New school textbook available on the history of slavery in Bristol: bristol-transatlantic-slavery

15 Jul 2021


New school textbook available on the history of slavery in Bristol

The textbook is available for schools to purchase now

Secondary school pupils in Bristol will be soon able to learn more about Bristol’s involvement in the transatlantic traffic in enslaved Africans thanks to a new textbook.

A group of eight Bristol history teachers have been working together over recent months to improve available teaching materials about Bristol’s historic links to slavery in collaboration with Bristol Museums. The group consulted on the text book with leading academics and black teachers in Bristol and London, along with a Bristol-based network of African and African-Caribbean community organisations, African Voices Forum, as well as local teaching experts from the University of Bristol. Together they have supplemented the existing curriculum so that schoolchildren in Bristol have a better chance of fully understanding this part of Bristol’s story.

The new A4 colour textbook is called ‘Bristol and Transatlantic Slavery: origins, impact and legacy’ and is aimed at Year 8 students. M Shed is providing all the images of objects, archive documents and artworks from its collections which will illustrate the textbook, and are funding the design and printing.

Councillor Asher Craig, Deputy Mayor - Communities, Equalities and Public Health, at Bristol City Council said:

“Bristol has a unique history and our teaching community wanted to develop some new and engaging resources to teach secondary school pupils about this part of our city’s past. We have previously created resources for schools focussing on Bristol’s Bus Boycott, and this new textbook on transatlantic slavery has been put together by history teachers in Bristol, using images from Bristol Archives. It will be a great way to help tell Bristol’s story to those growing up in the city and future generations.”

The textbook has been written in consultation with local academics, museum experts and teachers, to make sure that it is accurate and inclusive. The content covers the period from 1440 right up to the events of last year as well as the legacies of the traffic in enslaved Africans in the city.

Cashan Campbell, Assistant Vice Principal, at Fairfield High School said:

“The ‘Bristol and Transatlantic Slavery’ textbook is an opportunity to provide a quality learning resource for all students, regardless of their race, heritage, and identity. As a black educator that has grown up in the city and who attended the school I now teach and lead in, I truly believe that representation is vital.

“It is so important for all students, especially black students, to understand that Black History is not just about slavery. There is a whole diaspora of learning, discovery and pride that black students can feel because of this textbook and that is not only exciting but demonstrates that a time of change is upon us.

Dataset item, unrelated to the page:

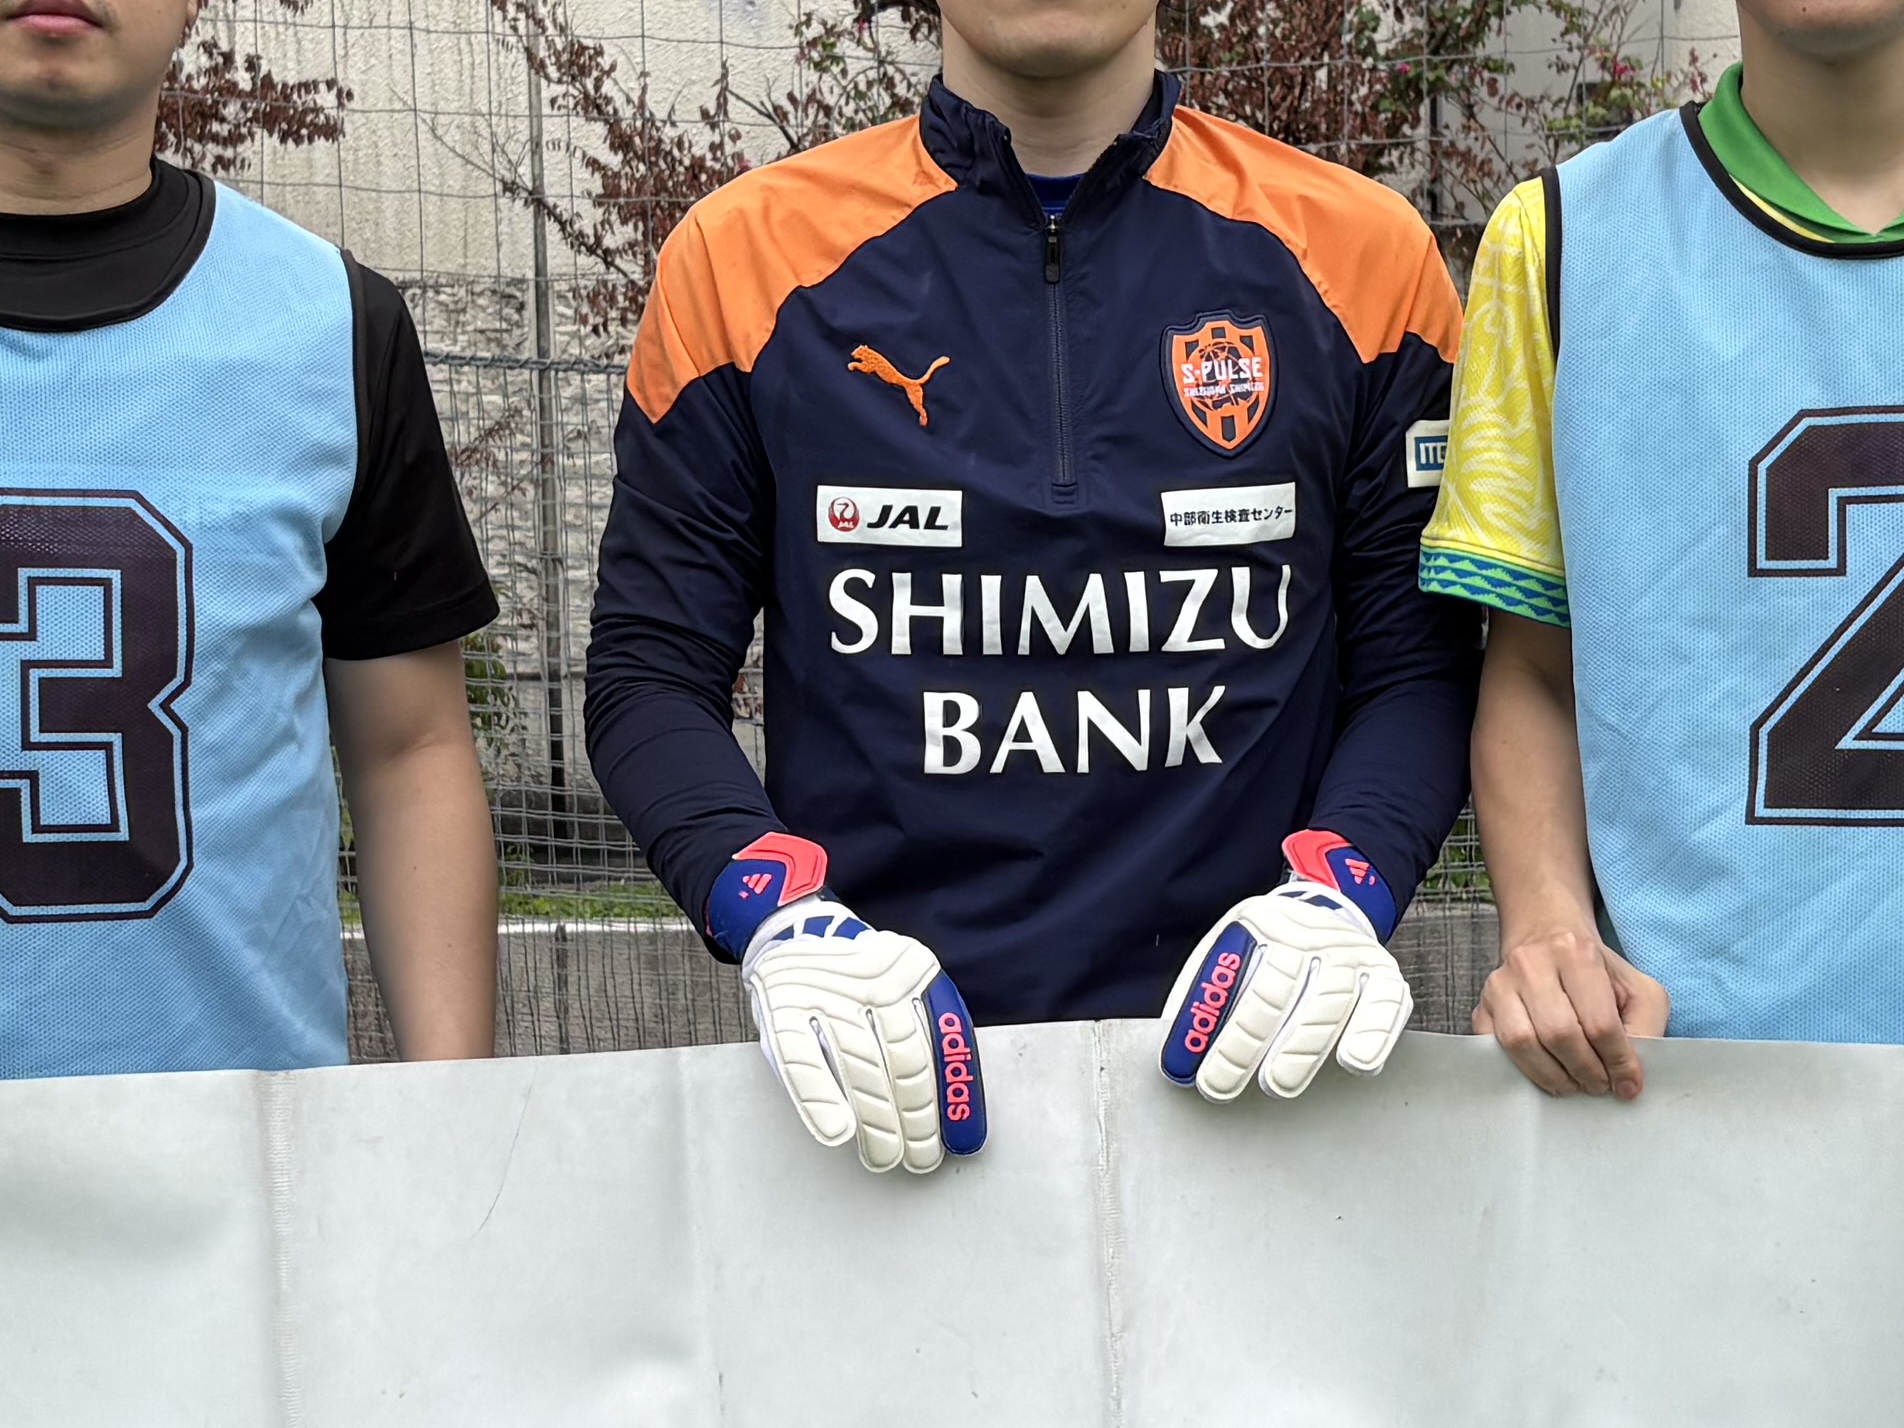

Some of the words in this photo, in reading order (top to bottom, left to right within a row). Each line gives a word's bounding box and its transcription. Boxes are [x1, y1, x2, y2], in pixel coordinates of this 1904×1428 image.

“By incorporating this textbook in our curriculum, in our library and as a listed resource on our school website, it will ensure that students can learn and ask questions. Ultimately, those questions will enable more research and discovery pertaining to Black History, understanding the context of the city we live in and reflecting on the changes that have happened and where we would like to continue to go in the future.”

Professor Tim Cole, Chair of the We Are Bristol History Commission, said:

“After the toppling of the Colston statue in June 2020, the history found on the streets of our city became much debated - not only in Bristol but far beyond. One thing that has struck me about some of these debates is that they raise bigger questions about what history is and why it matters. Sometimes history is seen as primarily being a way to boost national or local pride. In that version, history is something we use to create an identity based on a shared story of achievement.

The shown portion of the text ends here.